Stored data entries:
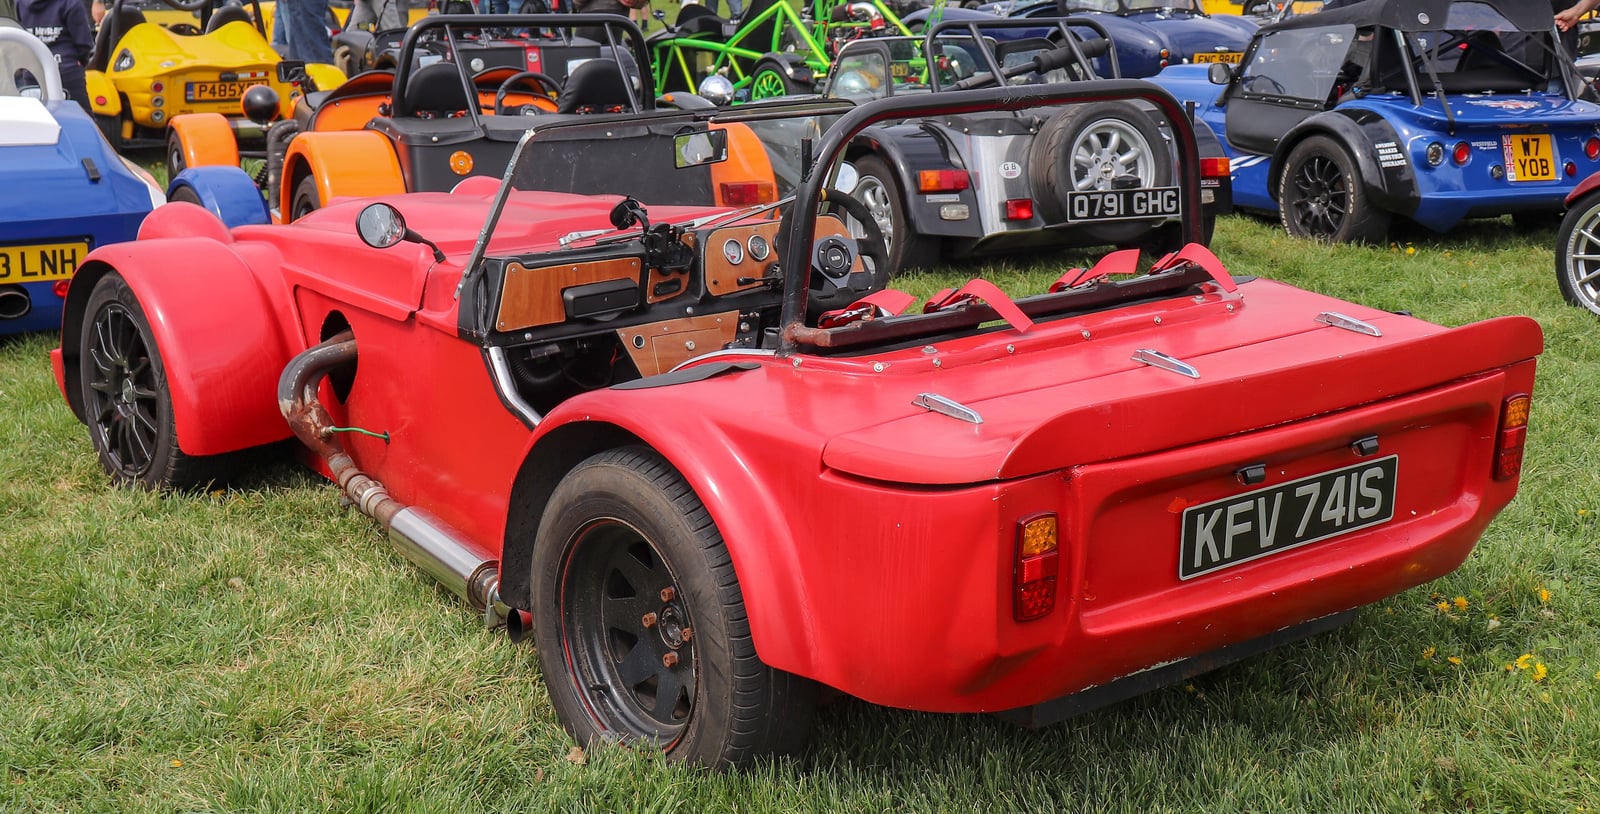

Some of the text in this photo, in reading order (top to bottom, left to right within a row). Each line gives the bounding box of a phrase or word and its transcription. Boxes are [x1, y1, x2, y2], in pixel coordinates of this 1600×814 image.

[1521, 138, 1540, 156] W7
[1519, 158, 1550, 177] YOB
[1073, 190, 1177, 218] Q791 GHG
[20, 248, 77, 278] LNH
[1193, 465, 1385, 568] KFV 741S
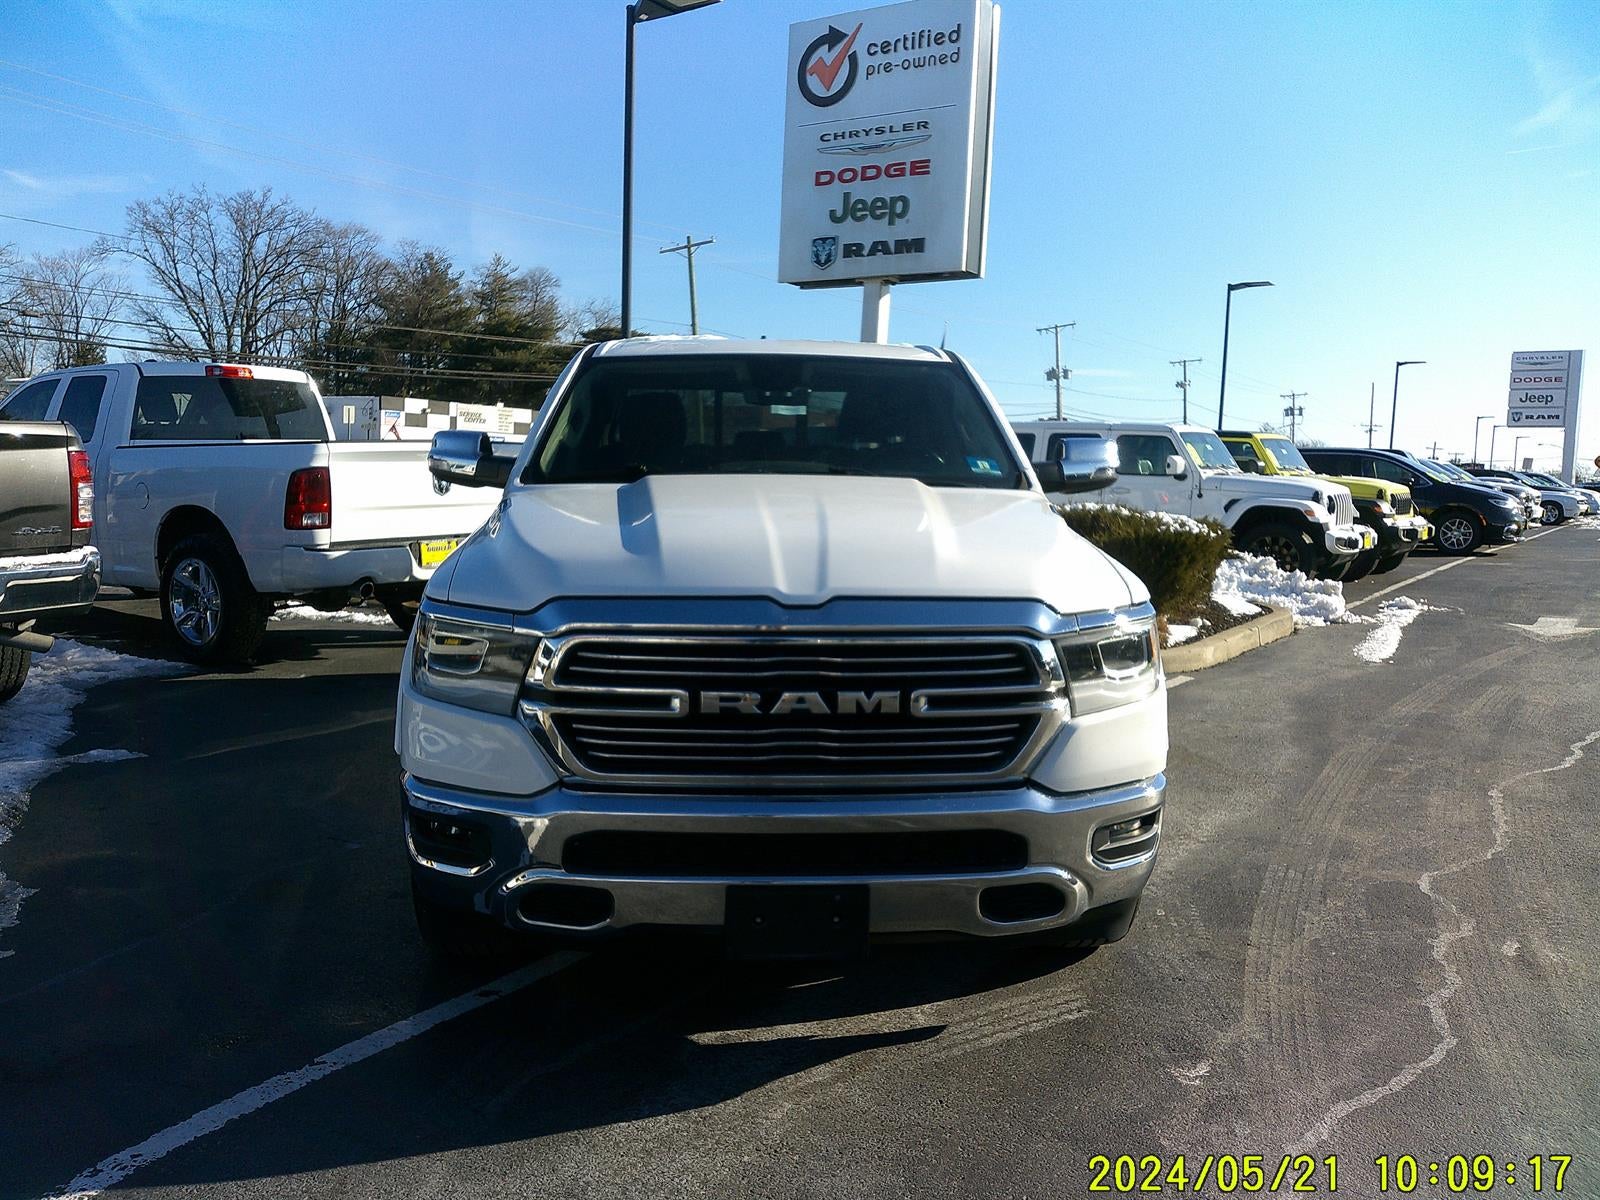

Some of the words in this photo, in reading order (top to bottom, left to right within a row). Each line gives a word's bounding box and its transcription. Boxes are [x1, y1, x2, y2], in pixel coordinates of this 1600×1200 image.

[866, 23, 962, 57] certified
[865, 47, 961, 81] pre-owned
[819, 120, 931, 143] CHRYSLER
[814, 158, 932, 187] DODGE
[828, 191, 911, 227] Jeep
[842, 237, 927, 260] RAM
[1513, 376, 1564, 384] DODGE
[1519, 392, 1554, 405] Jeep
[463, 416, 487, 425] CENTER
[700, 690, 901, 714] RAM
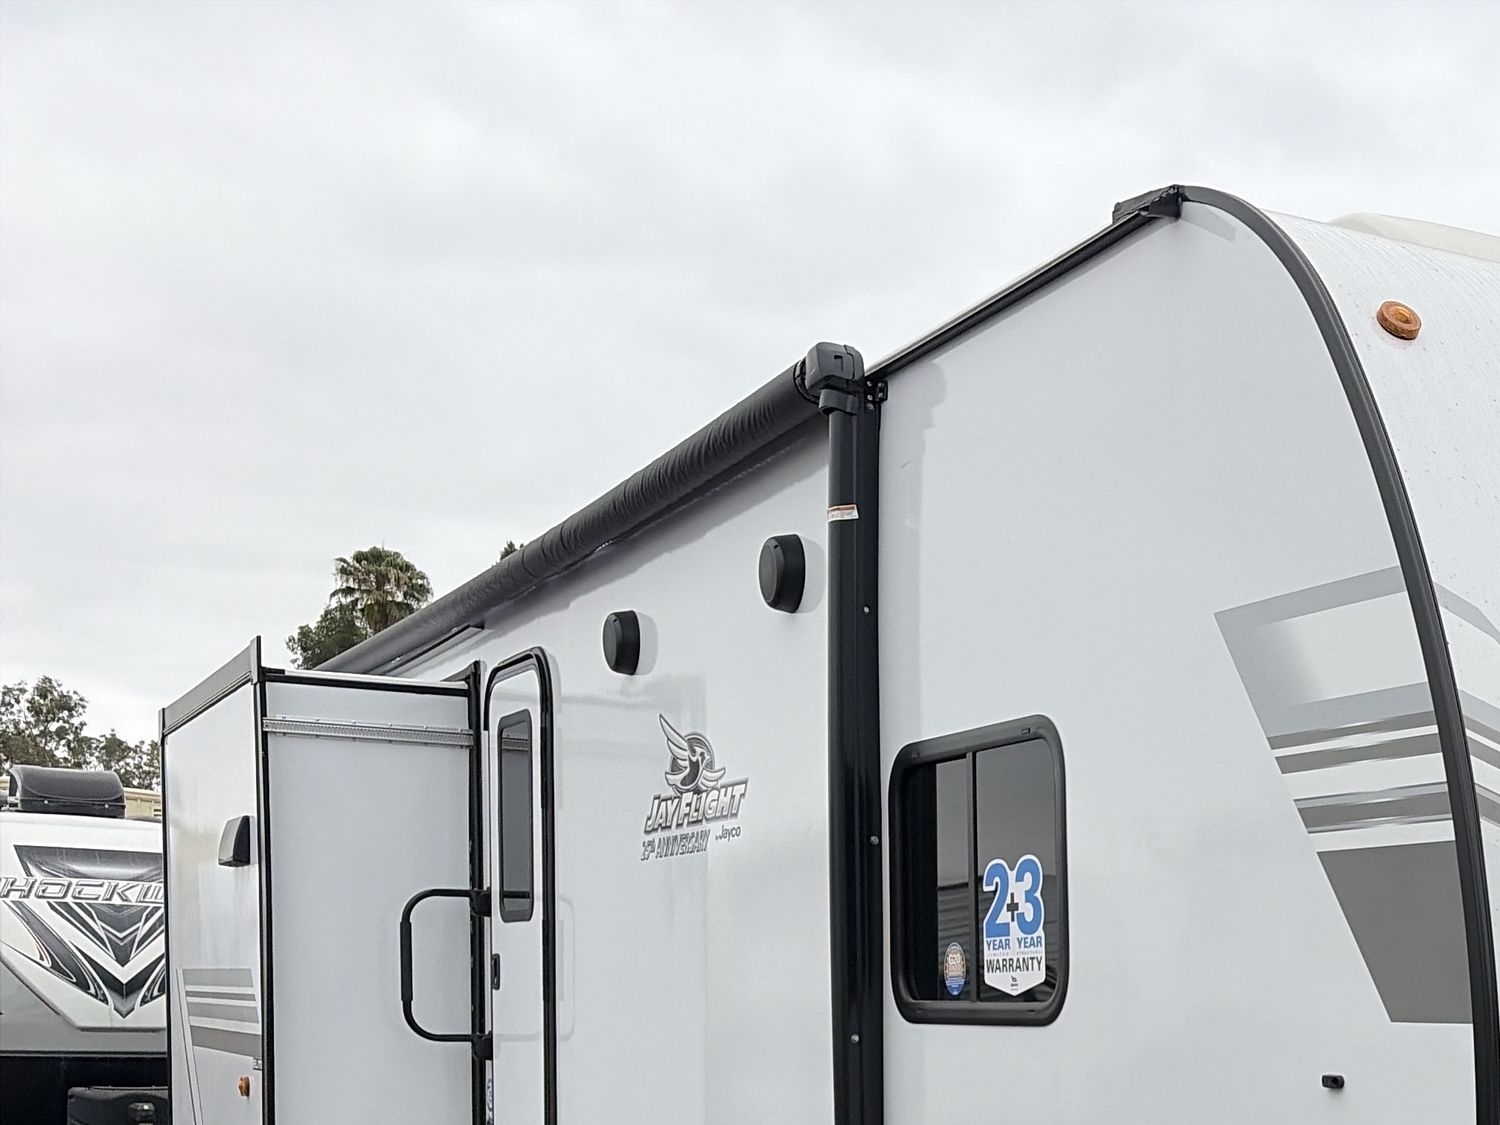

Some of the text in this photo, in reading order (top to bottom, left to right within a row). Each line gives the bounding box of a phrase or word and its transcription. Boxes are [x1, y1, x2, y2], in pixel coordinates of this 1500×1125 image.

• **ASSIGNED TASK**: In the reply, each line of the data must appear exactly as written, and no picture may appear.

• **EXERCISE SOLUTION**:
Some of the text in this photo, in reading order (top to bottom, left to right within a row). Each line gives the bounding box of a phrase or word and its transcription. Boxes are [x1, y1, x2, y2], in pixel coordinates of this 1600×814 image.

[1521, 138, 1540, 156] W7
[1519, 158, 1550, 177] YOB
[1073, 190, 1177, 218] Q791 GHG
[20, 248, 77, 278] LNH
[1193, 465, 1385, 568] KFV 741S

Some of the words in this photo, in reading order (top to bottom, left to right within a row). Each line gives a word's bounding box and its transcription. Boxes are [x1, y1, x2, y2], in pixel coordinates of this 1600×1200 image.

[866, 23, 962, 57] certified
[865, 47, 961, 81] pre-owned
[819, 120, 931, 143] CHRYSLER
[814, 158, 932, 187] DODGE
[828, 191, 911, 227] Jeep
[842, 237, 927, 260] RAM
[1513, 376, 1564, 384] DODGE
[1519, 392, 1554, 405] Jeep
[463, 416, 487, 425] CENTER
[700, 690, 901, 714] RAM

Some of the text in this photo, in reading order (top to bottom, left to right within a row). Each line gives the bounding box of a phrase or word and its transcription. Boxes are [x1, y1, x2, y2], in pixel coordinates of this 1500×1125 image.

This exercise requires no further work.